Repeat the entries that follow verbatim, without any of their pictures.

....

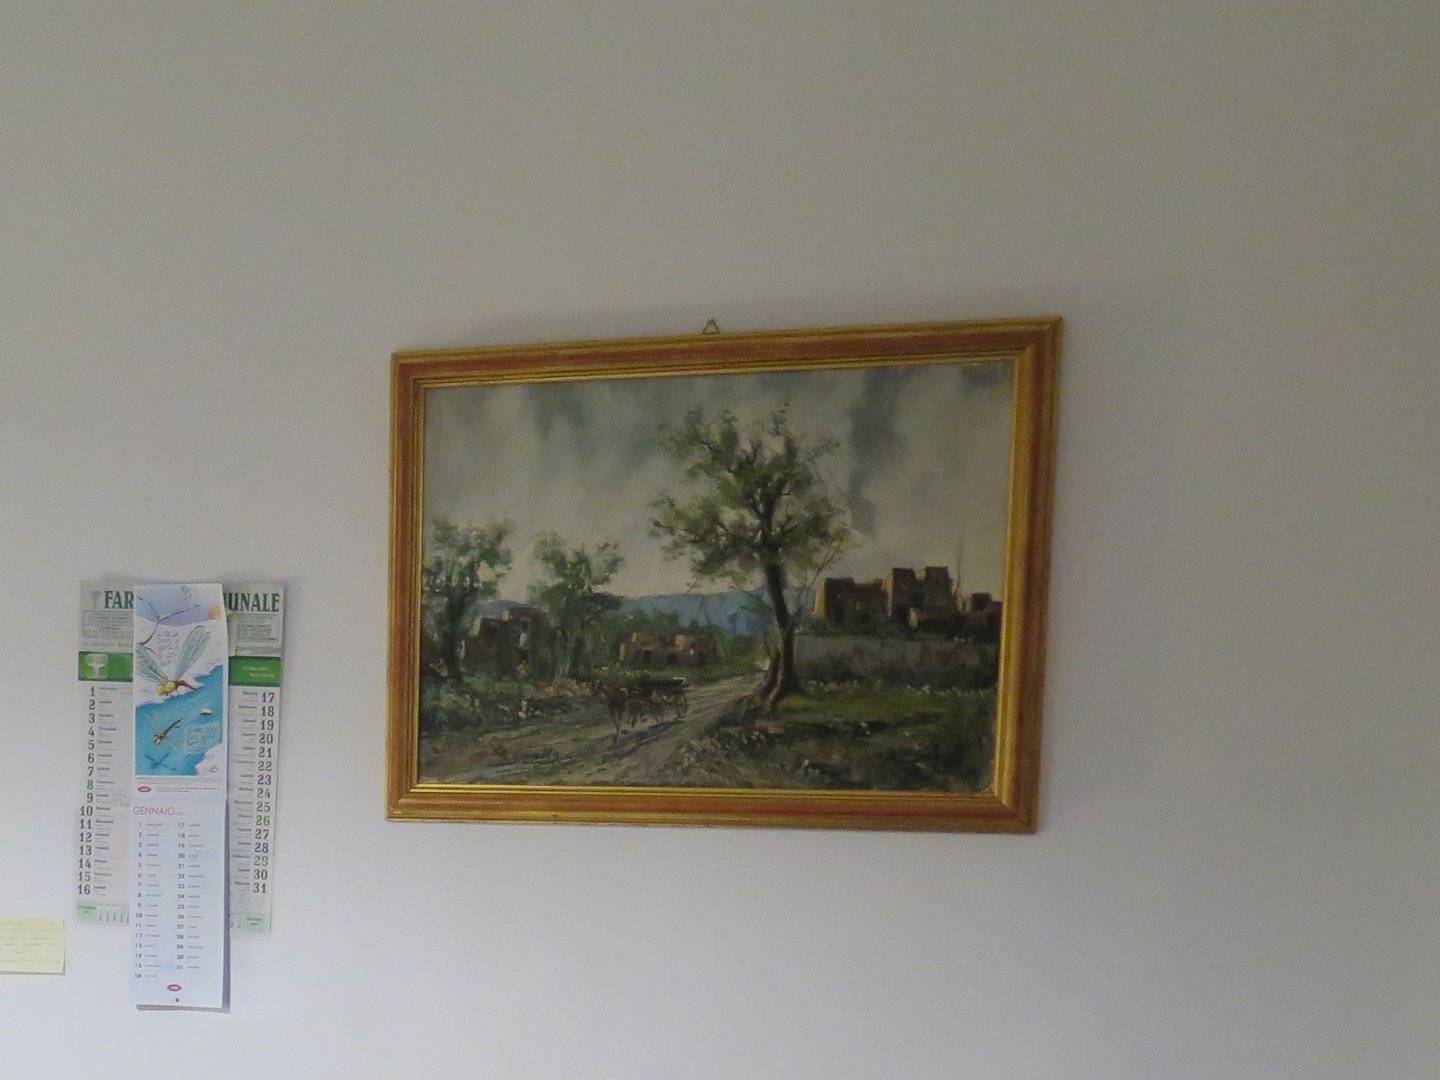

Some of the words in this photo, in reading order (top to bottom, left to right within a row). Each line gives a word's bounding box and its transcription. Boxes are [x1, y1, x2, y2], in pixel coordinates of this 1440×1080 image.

[224, 592, 280, 612] UNALE
[90, 687, 95, 696] 1
[262, 692, 275, 703] 17
[89, 699, 95, 710] 2
[261, 706, 274, 717] 18
[89, 713, 95, 723] 3
[261, 720, 274, 730] 19
[88, 727, 95, 737] 4
[259, 733, 273, 744] 20
[88, 740, 95, 750] 5
[259, 747, 272, 758] 21
[88, 753, 94, 763] 6
[258, 761, 272, 771] 22
[88, 766, 94, 777] 7
[87, 779, 93, 790] 8
[257, 774, 271, 785] 23
[87, 793, 93, 803] 9
[257, 788, 270, 798] 24
[80, 806, 93, 816] 10
[133, 807, 175, 816] GENNAIO
[256, 801, 270, 812] 25
[80, 819, 92, 829] 11
[256, 815, 270, 826] 26
[80, 832, 92, 842] 12
[255, 829, 269, 839] 27
[79, 845, 91, 855] 13
[255, 842, 269, 853] 28
[79, 858, 91, 868] 14
[254, 855, 268, 866] 29
[78, 871, 91, 881] 15
[254, 869, 267, 880] 30
[78, 884, 90, 895] 16
[253, 883, 266, 893] 31
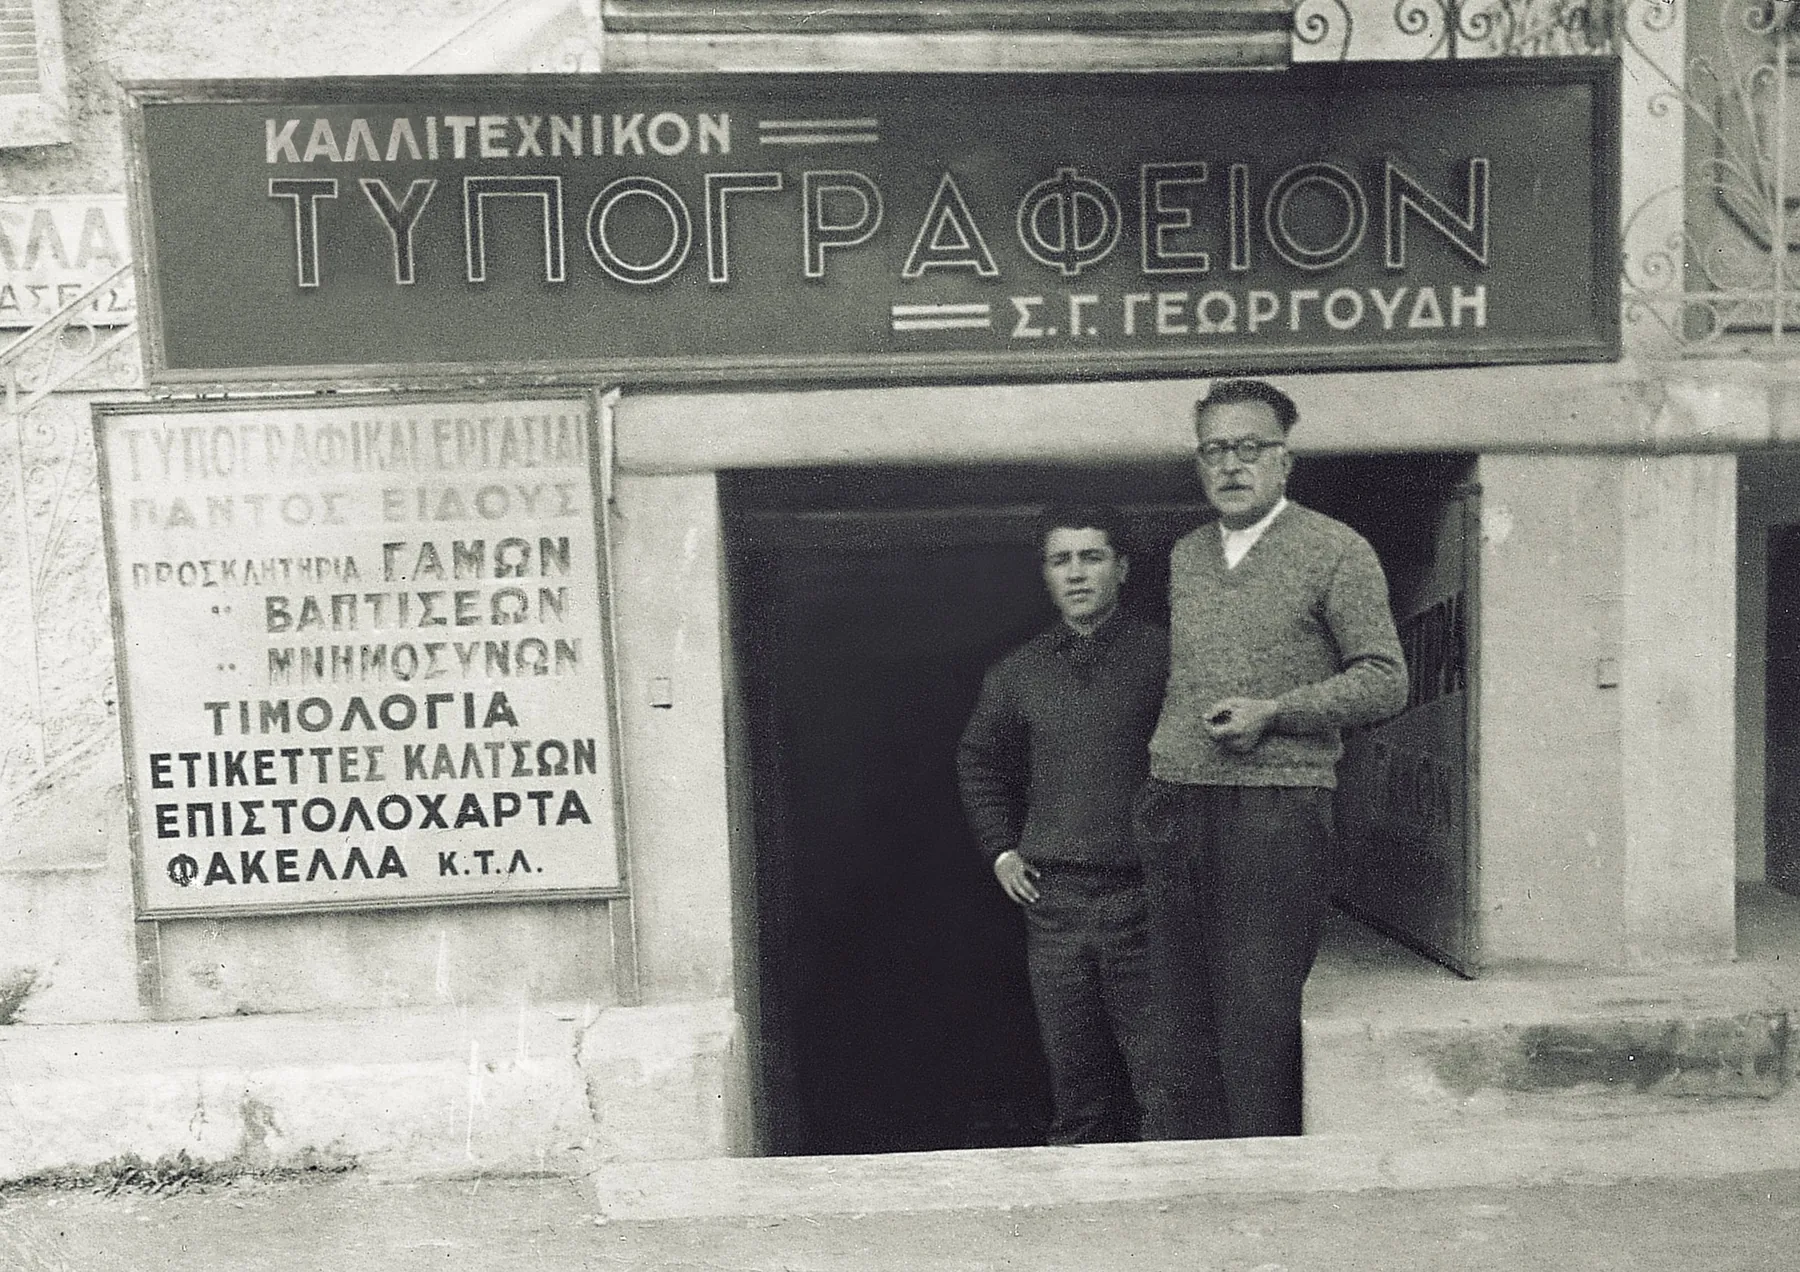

....

#### Output below
Some of the words in this photo, in reading order (top to bottom, left to right within a row). Each line gives a word's bounding box and its transcription. Boxes are [x1, y1, x2, y2], in pixel coordinates of this 1440×1080 image.

[224, 592, 280, 612] UNALE
[90, 687, 95, 696] 1
[262, 692, 275, 703] 17
[89, 699, 95, 710] 2
[261, 706, 274, 717] 18
[89, 713, 95, 723] 3
[261, 720, 274, 730] 19
[88, 727, 95, 737] 4
[259, 733, 273, 744] 20
[88, 740, 95, 750] 5
[259, 747, 272, 758] 21
[88, 753, 94, 763] 6
[258, 761, 272, 771] 22
[88, 766, 94, 777] 7
[87, 779, 93, 790] 8
[257, 774, 271, 785] 23
[87, 793, 93, 803] 9
[257, 788, 270, 798] 24
[80, 806, 93, 816] 10
[133, 807, 175, 816] GENNAIO
[256, 801, 270, 812] 25
[80, 819, 92, 829] 11
[256, 815, 270, 826] 26
[80, 832, 92, 842] 12
[255, 829, 269, 839] 27
[79, 845, 91, 855] 13
[255, 842, 269, 853] 28
[79, 858, 91, 868] 14
[254, 855, 268, 866] 29
[78, 871, 91, 881] 15
[254, 869, 267, 880] 30
[78, 884, 90, 895] 16
[253, 883, 266, 893] 31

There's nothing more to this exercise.